OpenAI drew sharp criticism from AI researchers and mathematicians after claims that its model solved well-known Erdős problems fell apart. According to FindArticles, a senior OpenAI executive celebrated GPT-5 for making progress on multiple open Erdős problems and finding solutions to others. The claims unraveled when mathematician Thomas Bloom, curator of the Erdős Problems site, explained that „open“ on his page meant he was ignorant of a solution, not that one did not exist. The model retrieved existing proof terms rather than deriving new mathematics.
Retrieval Is Not Discovery
OpenAI researcher Sébastien Bubeck later admitted that the model found solutions in the literature. He added the caveat that this is still nontrivial because math research is sprawling and fragmented. Competitors were less forgiving. Top managers at Meta and Google DeepMind said publicly that this was a self-inflicted wound. If literature search is confused with discovery of new knowledge, credibility will suffer, they argued.
Appreciating the existence of a known proof is helpful. Causing one to exist is transformative. The distinction is significant because language models can be superb at retrieval, summarization, and pattern completion without being any good at rigorous deductive reasoning. They can also hallucinate steps that sound like they should work but fail with formal proof checkers.
The Standard for Real Breakthroughs
In mathematics, a breakthrough involves a new argument and solution that is upheld by expert scrutiny or mechanical validation. That bar is high by design. Communities around proof assistants like Lean, Isabelle, and Coq have demonstrated how computer-checked proofs can raise standards.

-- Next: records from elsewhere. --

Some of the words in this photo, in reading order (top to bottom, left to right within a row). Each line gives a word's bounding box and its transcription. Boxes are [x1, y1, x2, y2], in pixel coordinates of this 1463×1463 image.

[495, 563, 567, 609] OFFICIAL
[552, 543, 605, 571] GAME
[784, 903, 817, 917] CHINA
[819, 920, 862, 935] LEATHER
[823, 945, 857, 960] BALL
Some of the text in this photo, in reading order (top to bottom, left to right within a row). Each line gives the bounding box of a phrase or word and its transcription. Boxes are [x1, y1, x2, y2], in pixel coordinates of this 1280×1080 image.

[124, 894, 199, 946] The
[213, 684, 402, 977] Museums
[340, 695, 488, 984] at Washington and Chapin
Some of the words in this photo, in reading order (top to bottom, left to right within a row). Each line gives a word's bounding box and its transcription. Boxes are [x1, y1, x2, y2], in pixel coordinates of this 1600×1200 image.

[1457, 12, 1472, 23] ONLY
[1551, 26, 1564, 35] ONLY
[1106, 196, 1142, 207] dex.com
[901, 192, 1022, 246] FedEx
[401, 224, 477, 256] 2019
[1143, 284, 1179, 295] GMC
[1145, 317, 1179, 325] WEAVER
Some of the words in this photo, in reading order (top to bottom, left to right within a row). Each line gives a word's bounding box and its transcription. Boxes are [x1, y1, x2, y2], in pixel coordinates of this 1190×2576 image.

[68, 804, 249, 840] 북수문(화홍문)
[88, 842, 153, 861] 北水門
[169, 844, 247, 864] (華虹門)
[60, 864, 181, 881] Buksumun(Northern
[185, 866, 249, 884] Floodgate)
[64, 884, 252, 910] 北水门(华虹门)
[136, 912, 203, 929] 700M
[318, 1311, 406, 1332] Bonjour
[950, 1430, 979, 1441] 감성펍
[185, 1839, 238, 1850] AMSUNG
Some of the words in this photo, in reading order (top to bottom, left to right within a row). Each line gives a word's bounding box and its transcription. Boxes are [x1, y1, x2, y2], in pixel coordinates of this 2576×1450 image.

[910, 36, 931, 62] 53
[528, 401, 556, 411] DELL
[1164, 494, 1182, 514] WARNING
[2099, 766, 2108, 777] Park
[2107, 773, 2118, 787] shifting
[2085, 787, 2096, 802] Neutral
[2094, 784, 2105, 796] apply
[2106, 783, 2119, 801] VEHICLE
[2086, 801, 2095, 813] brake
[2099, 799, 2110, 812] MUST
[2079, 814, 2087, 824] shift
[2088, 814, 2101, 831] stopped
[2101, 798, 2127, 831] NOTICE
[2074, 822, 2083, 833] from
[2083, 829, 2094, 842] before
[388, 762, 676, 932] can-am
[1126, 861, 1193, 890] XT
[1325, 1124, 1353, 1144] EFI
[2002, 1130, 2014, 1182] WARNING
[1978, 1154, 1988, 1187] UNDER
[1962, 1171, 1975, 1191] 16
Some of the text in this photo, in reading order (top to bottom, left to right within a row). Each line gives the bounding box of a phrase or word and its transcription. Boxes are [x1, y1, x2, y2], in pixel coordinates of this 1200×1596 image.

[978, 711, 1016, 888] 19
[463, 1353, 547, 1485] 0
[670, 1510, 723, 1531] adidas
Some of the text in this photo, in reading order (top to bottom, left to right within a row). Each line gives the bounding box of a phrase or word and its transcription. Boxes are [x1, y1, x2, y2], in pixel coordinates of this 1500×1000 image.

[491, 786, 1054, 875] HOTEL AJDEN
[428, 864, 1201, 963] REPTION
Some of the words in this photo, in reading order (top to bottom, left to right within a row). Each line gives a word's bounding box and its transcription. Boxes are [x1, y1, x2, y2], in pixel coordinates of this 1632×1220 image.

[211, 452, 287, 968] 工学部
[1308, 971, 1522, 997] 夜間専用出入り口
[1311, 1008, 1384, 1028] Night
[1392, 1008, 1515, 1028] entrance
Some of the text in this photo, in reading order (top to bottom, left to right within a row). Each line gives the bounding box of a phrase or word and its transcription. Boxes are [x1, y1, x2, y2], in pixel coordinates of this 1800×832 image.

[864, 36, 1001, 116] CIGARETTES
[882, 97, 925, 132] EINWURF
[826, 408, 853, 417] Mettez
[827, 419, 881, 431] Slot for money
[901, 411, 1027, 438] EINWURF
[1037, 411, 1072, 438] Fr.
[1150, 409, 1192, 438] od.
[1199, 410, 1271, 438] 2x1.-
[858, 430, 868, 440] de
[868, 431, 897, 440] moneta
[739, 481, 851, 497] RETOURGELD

The Lean-driven formalization of parts of Peter Scholze’s work is a famous example of humans and machines collaborating to raise rigor.
Competition Drives Overselling
The episode comes as OpenAI, Google DeepMind, and Meta are locked in a competitive race to become the technical leader in reasoning. That competition can hasten real progress and deepen the incentive to oversell. On popular math benchmarks, recent models regularly exceed 90% when using chain-of-thought prompts and careful sampling. That’s impressive, but it’s not the same as creating a new theorem or an extended original proof that specialists would recognize.
The quickest way to reset expectations is simple. Let proofs, code, and third-party verification do the talking. Until that happens, claiming victory on open problems will be not so much innovating as scoring an own goal.